Portugal tem hoje muita agricultura forçada para exportação, que ameaça o equilíbrio biológico, e recorre, sobretudo, a mão-de-obra asiática, sujeita a “circunstâncias detestáveis” de sobre-exploração, defendeu o antigo ministro da Agricultura António Barreto, em entrevista à Lusa.
“Hoje em dia, Portugal, a meu ver, perdeu bastante na capacidade de autossustentação agrícola e alimentar. Tem muita agricultura forçada para exportação — fruta, primores, mirtilos, morangos, abacates, coisas assim, que são ameaçadoras do equilíbrio biológico e social”, defendeu António Barreto.
O antigo ministro da Agricultura do primeiro Governo constitucional, liderado por Mário Soares, referiu que a mão-de-obra agrícola é hoje, nestas produções, sobretudo, asiática, e que está sujeita a “circunstâncias detestáveis de sobre-exploração, más condições de vida, más condições sociais e de instalação”. Para Barreto, esta realidade é fruto da imigração clandestina, não regulamentada.
O também sociólogo acredita que vai continuar a verificar-se uma “pressão” no setor, tendo em conta que o tipo de agricultura praticada, com recurso, por exemplo, a estufas, precisa de mão-de-obra barata e, portanto, abrem-se as portas.
“É preciso ir ver em que condições é que estão a trabalhar […] e ver as condições em que vivem […]. Bom, isto para não falar das condições urbanas porque, em Lisboa, Porto ou Setúbal, há dezenas, centenas ou milhares de apartamentos sobrelotados.
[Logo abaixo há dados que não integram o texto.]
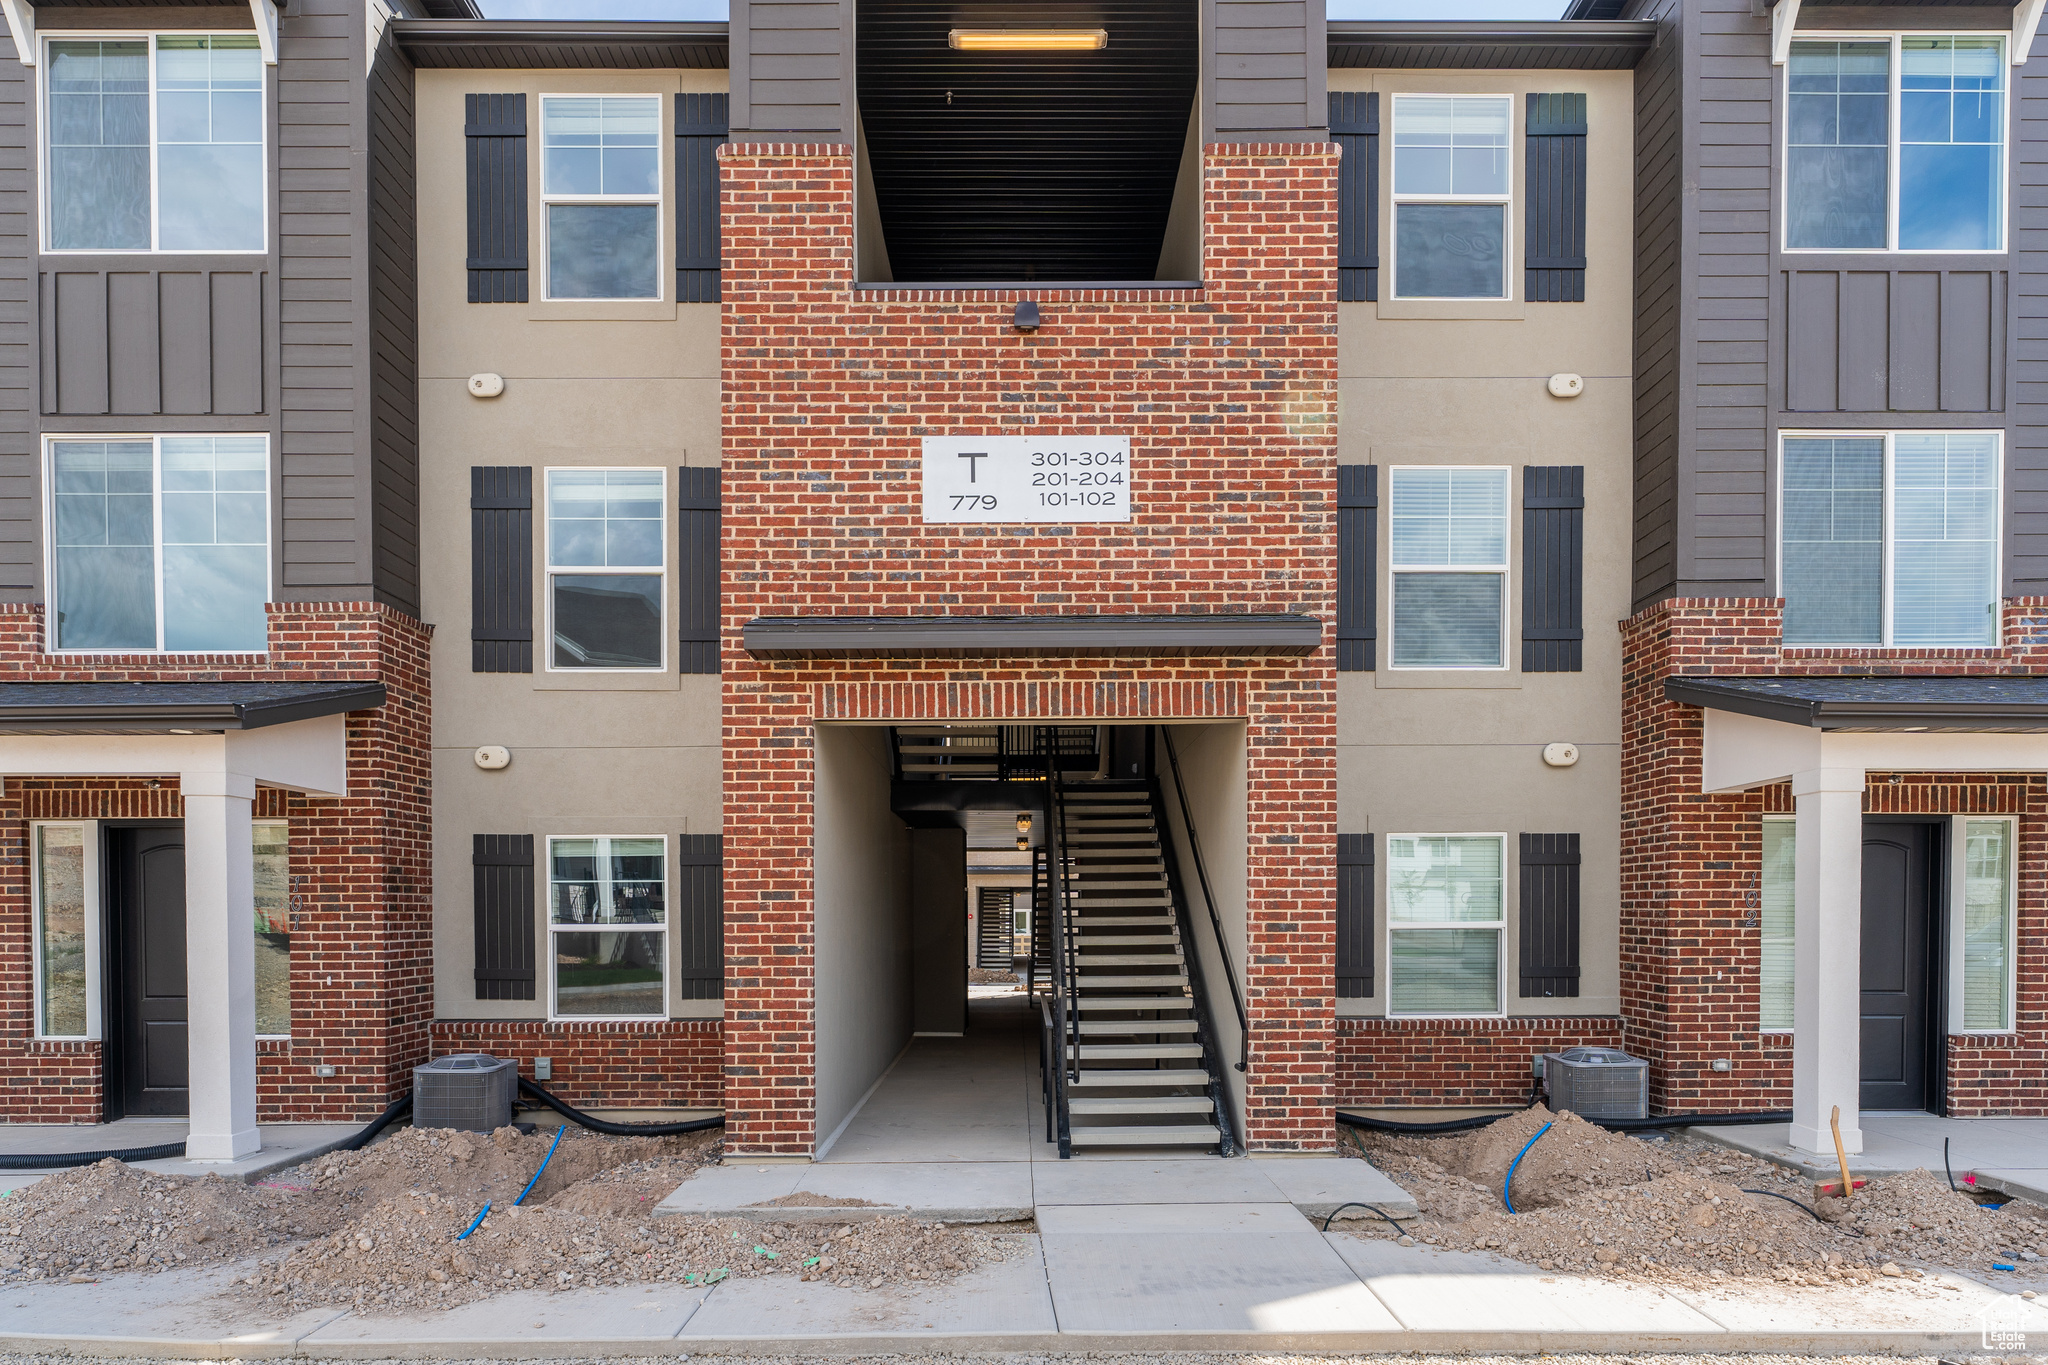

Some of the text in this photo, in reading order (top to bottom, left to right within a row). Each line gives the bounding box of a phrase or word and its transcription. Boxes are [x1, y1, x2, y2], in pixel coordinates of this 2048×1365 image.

[1031, 452, 1124, 466] 301-304
[958, 453, 988, 483] T
[1032, 472, 1124, 486] 201-204
[949, 495, 997, 510] 779
[1040, 492, 1116, 506] 101-102
[291, 875, 303, 931] 101
[1745, 871, 1757, 927] 102
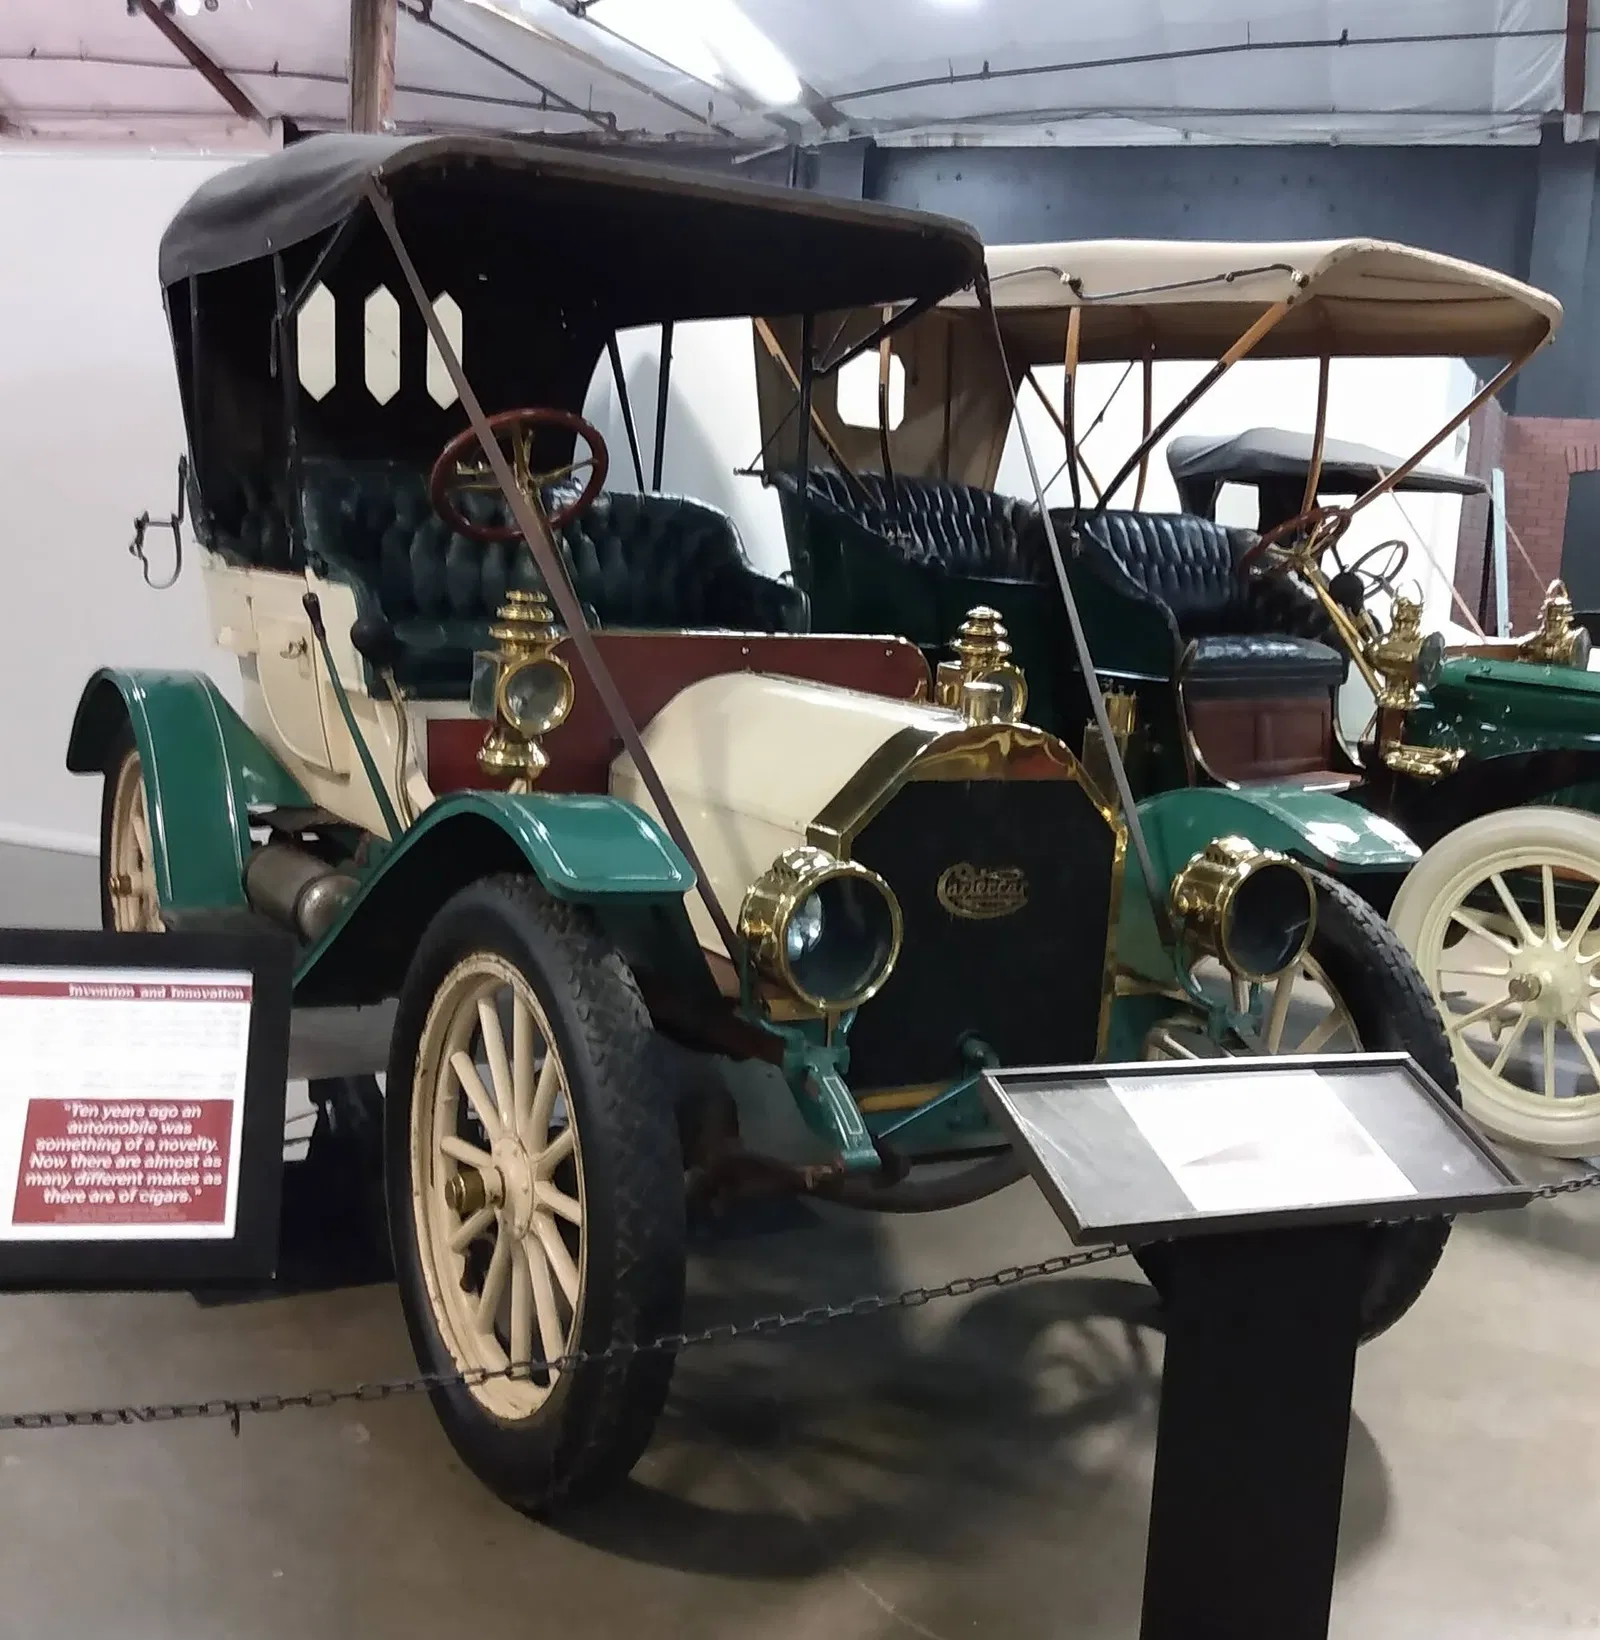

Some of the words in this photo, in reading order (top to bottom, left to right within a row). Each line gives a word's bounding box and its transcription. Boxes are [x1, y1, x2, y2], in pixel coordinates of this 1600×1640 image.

[69, 983, 134, 997] Invention
[140, 986, 165, 997] and
[171, 987, 244, 999] Innovation
[102, 1106, 145, 1120] years
[149, 1106, 178, 1120] ago
[182, 1106, 201, 1118] an
[67, 1120, 157, 1135] automobile
[161, 1123, 192, 1135] was
[36, 1137, 121, 1154] something
[125, 1137, 143, 1151] of
[145, 1139, 155, 1151] a
[159, 1136, 218, 1153] novelty.
[30, 1154, 67, 1169] Now
[71, 1153, 111, 1169] there
[115, 1156, 140, 1169] are
[144, 1153, 199, 1169] almost
[203, 1156, 222, 1168] as
[24, 1172, 71, 1189] many
[74, 1171, 144, 1186] different
[147, 1171, 199, 1186] makes
[203, 1173, 222, 1186] as
[44, 1188, 85, 1204] there
[89, 1191, 115, 1204] are
[119, 1188, 137, 1204] of
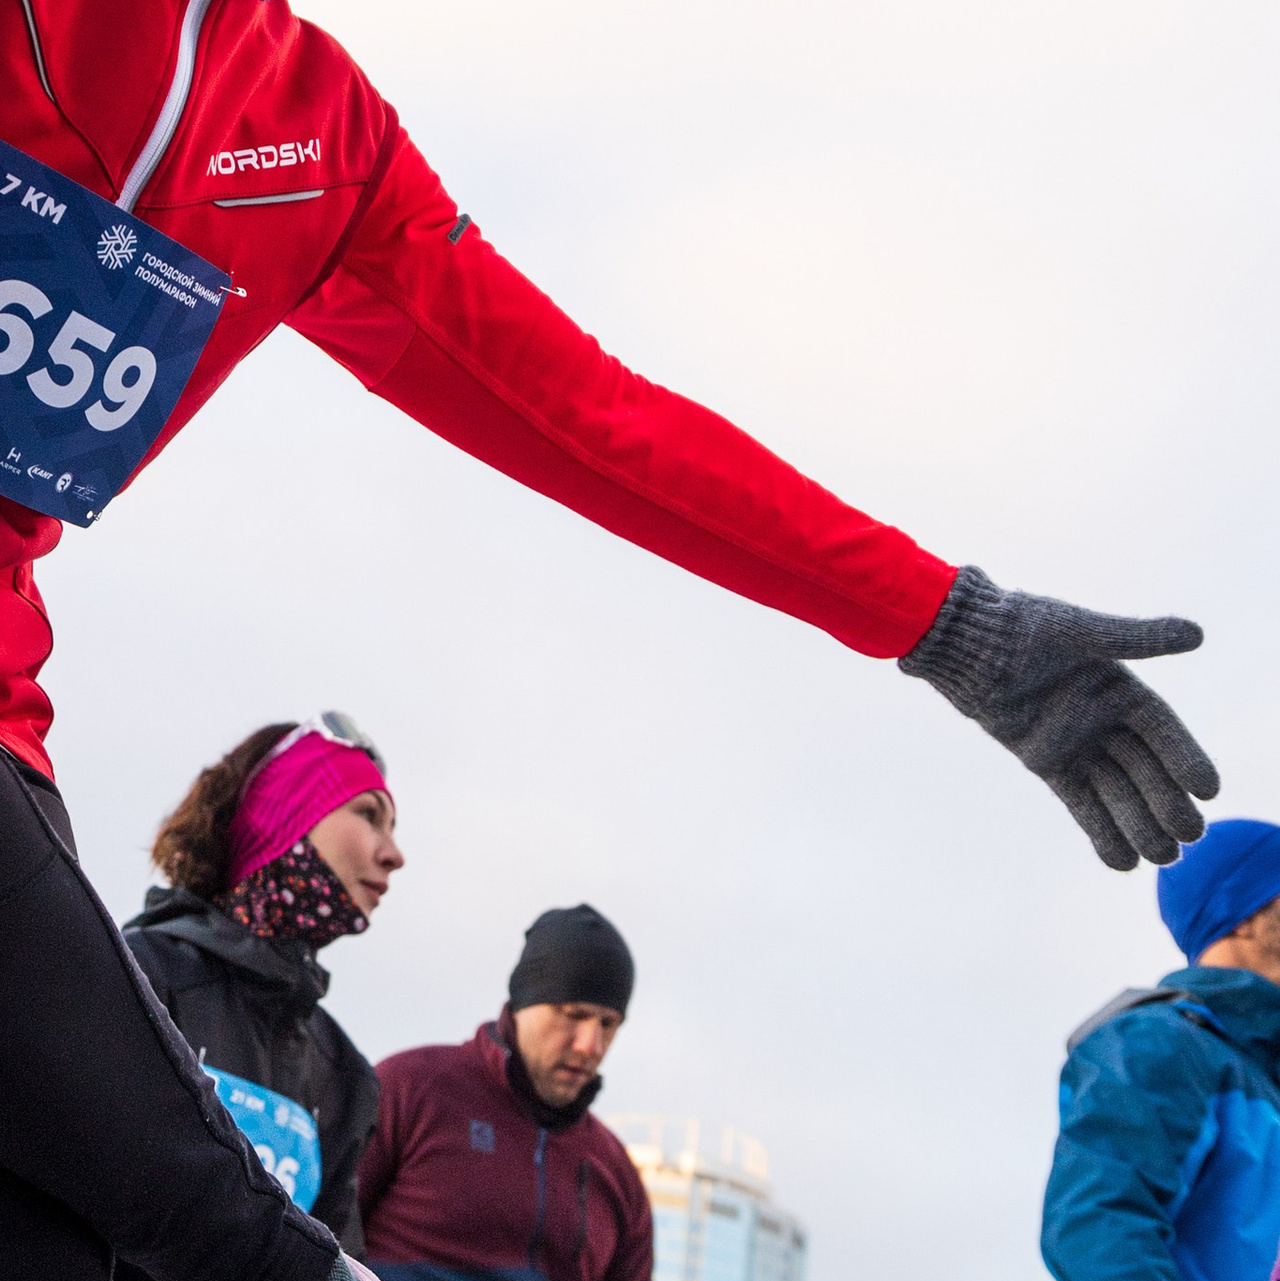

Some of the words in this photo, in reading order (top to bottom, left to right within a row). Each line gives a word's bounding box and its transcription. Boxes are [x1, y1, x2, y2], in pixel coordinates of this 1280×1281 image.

Tudo isto necessita, evidentemente, de tratamento, legalização e cuidado até para defender os direitos dos imigrantes”, precisou. Meio século após a reforma agrária, o mundo agrícola depara-se hoje com “um real problema” ligado ao desenvolvimento da paz social.
Há falta de mão-de-obra, a maior parte das pessoas abandonou os campos, os proprietários venderam as suas terras ou estão mais interessados em fazer turismo, agroturismo, enoturismo, turismo de saúde e “turismo disto, daquilo e daqueloutro”, apontou.
Por outro lado, o essencial da agricultura é tecnológico e o Alentejo está ocupado com centenas de milhares de hectares de olival “super, ultra intensivo”, que tudo leva a crer “que seja uma solução errada”.
António Barreto, que foi responsável pela lei de 1977, destinada a regular o processo da reforma agrária, estruturando as condições para a restituição de propriedades aos antigos proprietários ou herdeiros e abrindo caminho para as indemnizações, considerou ainda que a política nacional tem vindo a dar primado à indústria, às estradas e à rodovia de forma geral, bem como ao turismo e aos serviços, em detrimento do mundo agrícola.
“Foram gastos milhões a reformar agricultores, a mandá-los para casa o mais depressa possível para vagar o mundo agrícola”, afirmou. O abandono dos terrenos e do interior do país acabou por ser uma consequência natural da evolução das sociedades, mas também é reflexo do “desleixo e indiferença” do poder político.
Conforme apontou, os incêndios são também fruto deste abandono do interior, sendo que o único ponto positivo é que a mortalidade tem sido mais reduzida. “As pessoas já não estão lá. Já não estão a ocupar a agricultura”, sublinhou.
Até 19 de agosto, arderam mais de 201.000 hectares no país (dados provisórios), mais do que a área ardida em todo o ano de 2024.